2. Check whether the individual coefficients are statistically significant.

• By performing t-tests on individual coefficients.
• For a two-tailed test of the regression coefficient, reject the null hypothesis if the t-statistic is greater than the upper critical t-value or lower than the lower critical t-value. The conclusion is that the regression coefficient is statistically significantly different from the null hypothesis value at the given significance level.

3. Check the validity of the model (statistical significance)

• Perform an F-test: It is a one-tailed test that checks for the overall fit of the model.
• Use R²: It is the percentage of variation in the dependent variable that is explained by the independent variables. Adjusted R² is preferred as it adjusts for the number of independent variables.

4. Assess the presence of heteroskedasticity.

• Check for conditional heteroskedasticity by carrying out a Breusch-pagan chi-square test.
• If present, use white-corrected standard errors to correct the standard errors of the estimated regression coefficients.

5. Examine if there is autocorrelation (serial correlation).

• Perform the Durbin-Watson test.
• If present, adjust coefficient standard errors using the Hansen method.

6. Check for multicollinearity

• Compare T-test, F-test, and R² to check for confliction.
• Check for high correlation among independent variables.
• If present, use stepwise regression to systematically eliminate variables from the regression until multicollinearity is minimized.

Question

Adil Suleman, CFA, wishes to establish the possible drivers of a company’s percentage return on capital (ROC). Suleman identifies performance measures such as the profit margin (%), sales, and debt ratio as possible drivers of ROC.

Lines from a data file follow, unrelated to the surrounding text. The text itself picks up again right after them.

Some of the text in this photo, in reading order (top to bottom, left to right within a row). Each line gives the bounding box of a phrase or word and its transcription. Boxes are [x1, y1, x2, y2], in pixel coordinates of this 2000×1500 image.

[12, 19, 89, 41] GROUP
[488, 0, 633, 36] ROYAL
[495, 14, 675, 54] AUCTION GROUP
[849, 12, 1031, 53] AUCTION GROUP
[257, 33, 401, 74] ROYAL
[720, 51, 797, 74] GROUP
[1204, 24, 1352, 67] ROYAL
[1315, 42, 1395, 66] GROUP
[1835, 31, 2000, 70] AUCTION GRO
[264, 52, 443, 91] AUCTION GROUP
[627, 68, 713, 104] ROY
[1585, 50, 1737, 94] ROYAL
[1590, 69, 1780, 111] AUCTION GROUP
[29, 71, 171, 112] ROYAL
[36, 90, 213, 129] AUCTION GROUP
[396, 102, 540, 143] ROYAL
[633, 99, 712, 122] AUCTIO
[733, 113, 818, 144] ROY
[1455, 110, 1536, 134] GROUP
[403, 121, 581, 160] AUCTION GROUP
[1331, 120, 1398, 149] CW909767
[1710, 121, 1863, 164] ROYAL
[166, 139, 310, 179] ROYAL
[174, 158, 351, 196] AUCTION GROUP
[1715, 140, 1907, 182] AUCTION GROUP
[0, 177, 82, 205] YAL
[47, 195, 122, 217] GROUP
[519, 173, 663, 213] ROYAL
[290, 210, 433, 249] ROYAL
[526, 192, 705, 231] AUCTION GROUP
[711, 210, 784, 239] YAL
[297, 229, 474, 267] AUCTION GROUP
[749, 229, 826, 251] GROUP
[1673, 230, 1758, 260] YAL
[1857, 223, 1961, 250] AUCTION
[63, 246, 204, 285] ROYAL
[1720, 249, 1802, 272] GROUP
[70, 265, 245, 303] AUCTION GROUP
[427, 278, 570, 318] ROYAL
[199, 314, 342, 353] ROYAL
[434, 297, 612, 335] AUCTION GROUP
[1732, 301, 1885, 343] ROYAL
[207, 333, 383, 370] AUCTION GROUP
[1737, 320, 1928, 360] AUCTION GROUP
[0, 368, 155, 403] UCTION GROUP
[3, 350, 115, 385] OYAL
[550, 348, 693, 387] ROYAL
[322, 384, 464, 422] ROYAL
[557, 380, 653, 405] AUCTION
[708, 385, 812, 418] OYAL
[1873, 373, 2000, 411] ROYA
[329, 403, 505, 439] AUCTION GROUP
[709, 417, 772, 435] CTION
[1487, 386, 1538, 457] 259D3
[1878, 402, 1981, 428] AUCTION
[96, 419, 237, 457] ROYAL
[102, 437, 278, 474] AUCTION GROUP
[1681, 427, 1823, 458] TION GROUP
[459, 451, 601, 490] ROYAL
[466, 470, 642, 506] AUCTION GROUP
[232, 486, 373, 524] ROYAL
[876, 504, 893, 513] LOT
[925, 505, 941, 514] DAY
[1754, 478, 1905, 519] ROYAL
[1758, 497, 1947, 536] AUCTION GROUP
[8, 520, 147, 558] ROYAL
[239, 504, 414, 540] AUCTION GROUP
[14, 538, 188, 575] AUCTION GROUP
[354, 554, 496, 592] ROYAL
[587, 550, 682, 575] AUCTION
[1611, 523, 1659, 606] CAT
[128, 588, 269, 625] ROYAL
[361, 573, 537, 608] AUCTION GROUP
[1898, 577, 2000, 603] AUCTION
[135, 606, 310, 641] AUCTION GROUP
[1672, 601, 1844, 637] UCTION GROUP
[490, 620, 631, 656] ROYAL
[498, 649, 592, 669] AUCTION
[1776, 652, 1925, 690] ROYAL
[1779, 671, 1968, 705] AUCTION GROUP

He obtains the following results from the regression of ROC on profit margin (%), sales, and the debt ratio.

 $$\small{\begin{array}{lc}\hline{}&\textbf{Regression Statistics}\\ \hline\text{Multiple R} & 0.79\\ \text{R Square} & 0.62\\ \text{Adjusted R Square} & 0.57\\ \text{Standard Error} & 1.20\\ \text{Observations} & 25\\ \hline\end{array}}$$

The most accurate interpretation of the multiple R-squared for the above model is that:

      A. Explained variation in the dependent variable is 21% of the total variation.

      B. The correlation between predicted and actual values of the dependent variable is 0.89.

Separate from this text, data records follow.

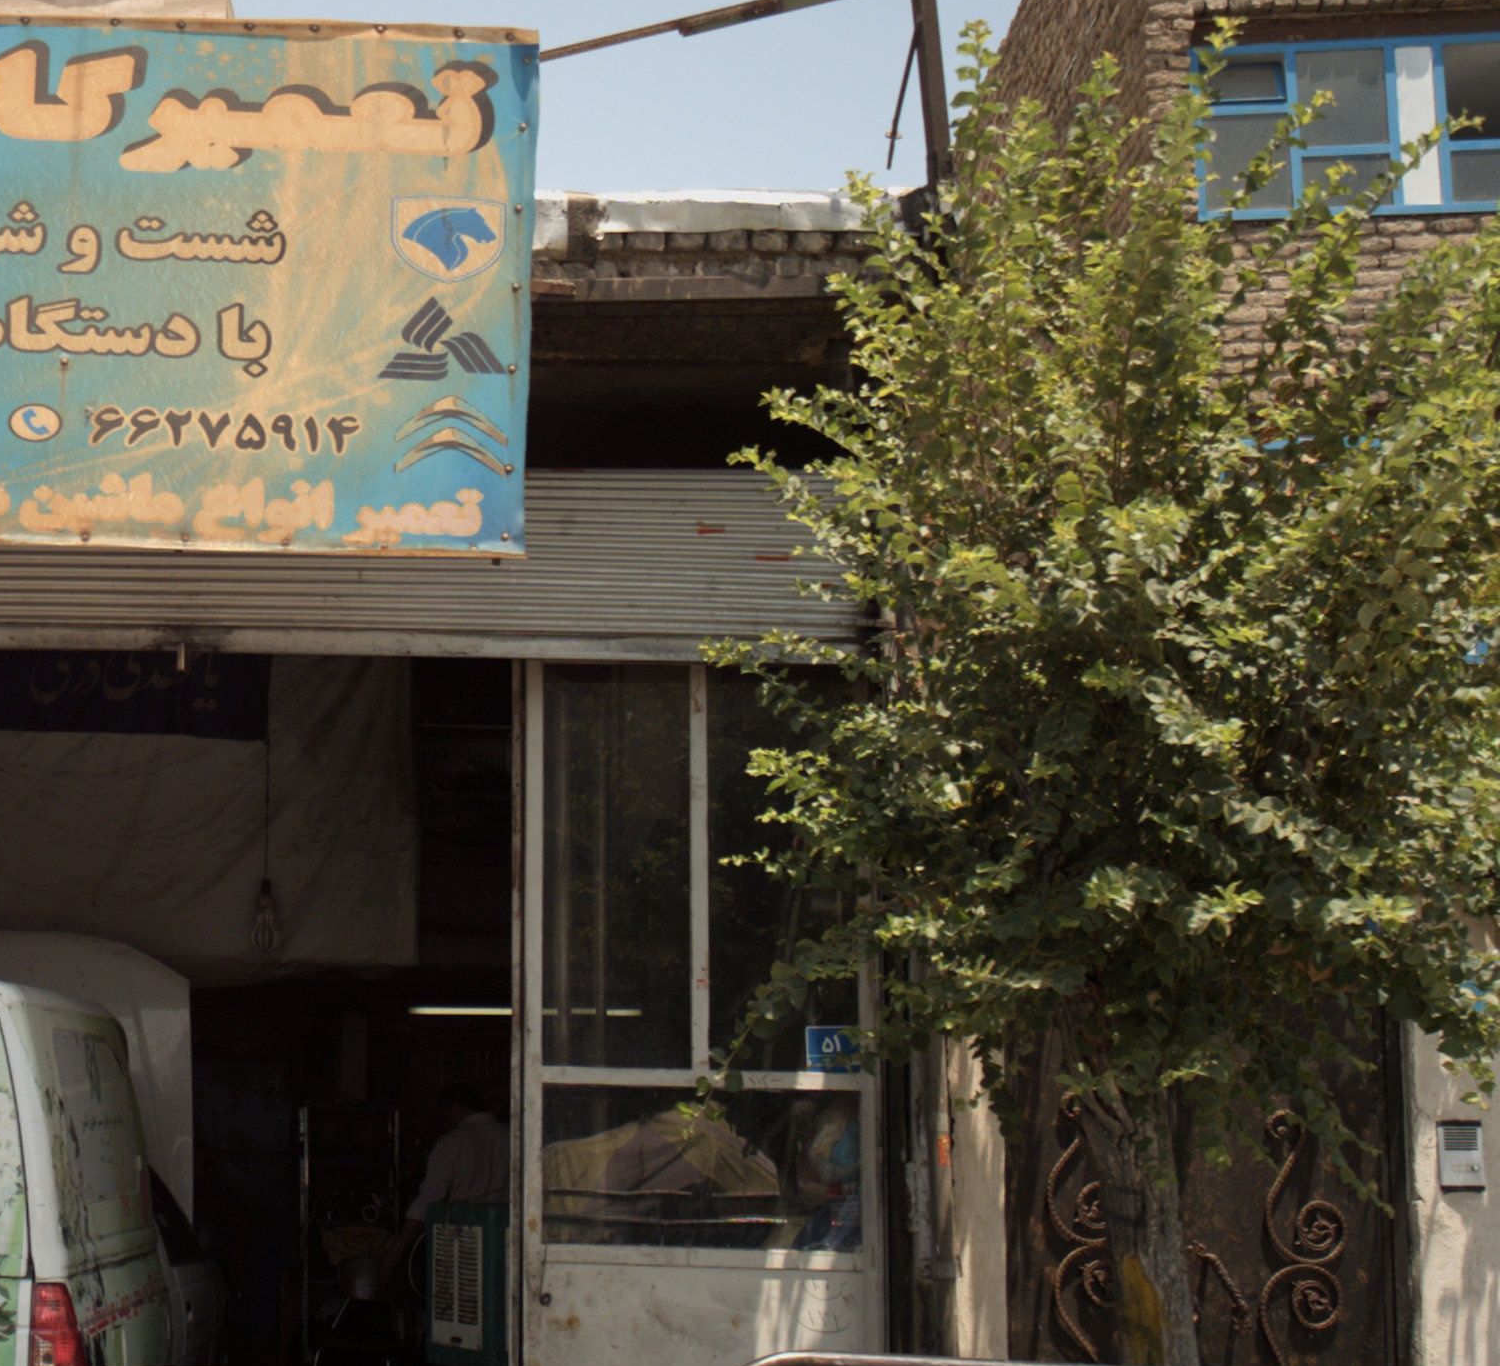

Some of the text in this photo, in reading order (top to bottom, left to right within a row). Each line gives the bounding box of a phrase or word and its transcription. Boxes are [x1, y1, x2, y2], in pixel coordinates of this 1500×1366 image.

[58, 224, 102, 273] و
[116, 210, 287, 264] شست
[216, 303, 272, 378] با
[89, 405, 361, 455] ۶۶۲۷۵۹۱۴
[19, 472, 186, 532] ماشین
[193, 477, 336, 544] انواع
[342, 488, 485, 546] تعمیر

      C. The correlation between predicted and actual values of the dependent variable is 0.79.

Solution

The correct answer is B.

The multiple R-squared for the regression is 0.79; thus, the model explains 79% of the variation in the dependent variable. The correlation between the predicted and actual values of the dependent variable is the square root of the multiple R-squared:

$$\text{Correlation}=\sqrt{0.79}≈0.89$$

Reading 2: Multiple Regression

LOS 2 (o) Evaluate and interpret a multiple regression model and its results.